* _What to produce_
Restate each entry below word for word, without skipping any.

(Dataset excerpts)
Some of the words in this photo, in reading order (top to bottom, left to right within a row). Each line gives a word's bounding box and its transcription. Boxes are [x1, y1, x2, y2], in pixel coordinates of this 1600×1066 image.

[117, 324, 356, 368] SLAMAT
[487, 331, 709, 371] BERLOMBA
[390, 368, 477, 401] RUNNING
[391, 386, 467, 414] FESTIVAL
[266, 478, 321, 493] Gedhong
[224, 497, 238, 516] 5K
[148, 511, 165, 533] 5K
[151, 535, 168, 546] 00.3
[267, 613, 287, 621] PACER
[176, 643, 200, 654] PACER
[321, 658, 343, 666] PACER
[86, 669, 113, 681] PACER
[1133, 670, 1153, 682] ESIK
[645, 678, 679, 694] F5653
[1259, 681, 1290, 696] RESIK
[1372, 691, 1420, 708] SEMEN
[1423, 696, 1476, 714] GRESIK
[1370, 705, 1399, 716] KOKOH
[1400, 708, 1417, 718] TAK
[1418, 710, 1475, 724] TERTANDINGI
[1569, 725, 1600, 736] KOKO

* _Solution below_
Some of the words in this photo, in reading order (top to bottom, left to right within a row). Each line gives a word's bounding box and its transcription. Boxes are [x1, y1, x2, y2], in pixel coordinates of this 1600×1066 image.

[117, 324, 356, 368] SLAMAT
[487, 331, 709, 371] BERLOMBA
[390, 368, 477, 401] RUNNING
[391, 386, 467, 414] FESTIVAL
[266, 478, 321, 493] Gedhong
[224, 497, 238, 516] 5K
[148, 511, 165, 533] 5K
[151, 535, 168, 546] 00.3
[267, 613, 287, 621] PACER
[176, 643, 200, 654] PACER
[321, 658, 343, 666] PACER
[86, 669, 113, 681] PACER
[1133, 670, 1153, 682] ESIK
[645, 678, 679, 694] F5653
[1259, 681, 1290, 696] RESIK
[1372, 691, 1420, 708] SEMEN
[1423, 696, 1476, 714] GRESIK
[1370, 705, 1399, 716] KOKOH
[1400, 708, 1417, 718] TAK
[1418, 710, 1475, 724] TERTANDINGI
[1569, 725, 1600, 736] KOKO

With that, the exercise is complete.